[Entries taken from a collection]
-- Opening Marker --

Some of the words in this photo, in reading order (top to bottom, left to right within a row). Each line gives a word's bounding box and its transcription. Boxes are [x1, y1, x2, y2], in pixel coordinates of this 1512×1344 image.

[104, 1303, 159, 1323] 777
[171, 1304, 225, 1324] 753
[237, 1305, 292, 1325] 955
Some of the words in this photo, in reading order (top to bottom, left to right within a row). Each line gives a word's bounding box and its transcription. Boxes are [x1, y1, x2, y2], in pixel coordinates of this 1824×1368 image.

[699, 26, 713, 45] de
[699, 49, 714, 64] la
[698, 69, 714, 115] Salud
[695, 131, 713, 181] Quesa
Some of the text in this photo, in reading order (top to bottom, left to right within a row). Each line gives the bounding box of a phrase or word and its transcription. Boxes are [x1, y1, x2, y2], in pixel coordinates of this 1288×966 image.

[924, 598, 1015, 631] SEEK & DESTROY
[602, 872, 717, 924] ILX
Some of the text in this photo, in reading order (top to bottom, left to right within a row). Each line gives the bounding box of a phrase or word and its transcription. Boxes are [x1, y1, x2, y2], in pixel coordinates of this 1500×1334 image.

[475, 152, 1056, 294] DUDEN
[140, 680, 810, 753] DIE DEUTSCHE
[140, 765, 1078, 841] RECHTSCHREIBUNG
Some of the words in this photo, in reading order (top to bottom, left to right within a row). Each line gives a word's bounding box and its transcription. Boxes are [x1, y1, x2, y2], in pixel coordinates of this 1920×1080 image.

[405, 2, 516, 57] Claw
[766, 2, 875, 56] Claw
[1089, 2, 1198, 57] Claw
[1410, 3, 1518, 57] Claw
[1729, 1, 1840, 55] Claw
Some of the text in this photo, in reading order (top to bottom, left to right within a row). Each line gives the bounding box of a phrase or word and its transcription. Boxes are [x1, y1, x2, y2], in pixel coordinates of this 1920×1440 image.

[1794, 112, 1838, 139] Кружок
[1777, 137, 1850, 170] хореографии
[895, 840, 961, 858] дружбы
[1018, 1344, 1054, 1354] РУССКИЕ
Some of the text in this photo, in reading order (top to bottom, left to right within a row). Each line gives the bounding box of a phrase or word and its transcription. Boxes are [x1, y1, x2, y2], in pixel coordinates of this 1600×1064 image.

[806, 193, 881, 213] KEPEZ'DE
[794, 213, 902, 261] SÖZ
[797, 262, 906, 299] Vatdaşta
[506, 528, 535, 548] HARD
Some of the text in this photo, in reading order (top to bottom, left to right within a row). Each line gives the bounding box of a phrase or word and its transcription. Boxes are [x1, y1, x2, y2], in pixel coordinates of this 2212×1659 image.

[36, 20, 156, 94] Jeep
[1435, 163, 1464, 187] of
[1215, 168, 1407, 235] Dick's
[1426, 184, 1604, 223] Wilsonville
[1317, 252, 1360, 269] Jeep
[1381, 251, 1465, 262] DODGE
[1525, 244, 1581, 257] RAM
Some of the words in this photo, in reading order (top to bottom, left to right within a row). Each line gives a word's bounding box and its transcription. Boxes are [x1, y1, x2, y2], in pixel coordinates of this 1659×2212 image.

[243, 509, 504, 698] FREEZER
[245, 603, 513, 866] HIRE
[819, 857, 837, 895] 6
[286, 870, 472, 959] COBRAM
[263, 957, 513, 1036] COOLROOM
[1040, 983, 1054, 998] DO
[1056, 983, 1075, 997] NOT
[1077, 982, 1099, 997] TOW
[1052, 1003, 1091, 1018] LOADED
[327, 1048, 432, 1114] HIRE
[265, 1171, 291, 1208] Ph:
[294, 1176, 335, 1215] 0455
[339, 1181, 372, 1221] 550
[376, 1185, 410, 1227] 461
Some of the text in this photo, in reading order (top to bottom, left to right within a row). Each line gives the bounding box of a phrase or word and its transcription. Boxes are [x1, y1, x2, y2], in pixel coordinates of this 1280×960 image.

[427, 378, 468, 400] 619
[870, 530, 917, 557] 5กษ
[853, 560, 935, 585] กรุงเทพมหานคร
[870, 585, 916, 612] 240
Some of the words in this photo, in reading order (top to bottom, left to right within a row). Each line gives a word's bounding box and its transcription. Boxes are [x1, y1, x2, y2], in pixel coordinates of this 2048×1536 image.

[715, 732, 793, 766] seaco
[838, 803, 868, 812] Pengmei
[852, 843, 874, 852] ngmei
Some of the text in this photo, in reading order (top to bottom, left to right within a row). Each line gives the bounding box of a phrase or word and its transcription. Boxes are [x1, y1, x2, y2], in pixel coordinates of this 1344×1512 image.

-- Closing Marker --

> **TO DO**
Beginning with the line that contains "this 1280×960 image.", return every line through the end of the data above, exactly as written.

> **THE ANSWER**
Some of the text in this photo, in reading order (top to bottom, left to right within a row). Each line gives the bounding box of a phrase or word and its transcription. Boxes are [x1, y1, x2, y2], in pixel coordinates of this 1280×960 image.

[427, 378, 468, 400] 619
[870, 530, 917, 557] 5กษ
[853, 560, 935, 585] กรุงเทพมหานคร
[870, 585, 916, 612] 240
Some of the words in this photo, in reading order (top to bottom, left to right within a row). Each line gives a word's bounding box and its transcription. Boxes are [x1, y1, x2, y2], in pixel coordinates of this 2048×1536 image.

[715, 732, 793, 766] seaco
[838, 803, 868, 812] Pengmei
[852, 843, 874, 852] ngmei
Some of the text in this photo, in reading order (top to bottom, left to right within a row). Each line gives the bounding box of a phrase or word and its transcription. Boxes are [x1, y1, x2, y2], in pixel coordinates of this 1344×1512 image.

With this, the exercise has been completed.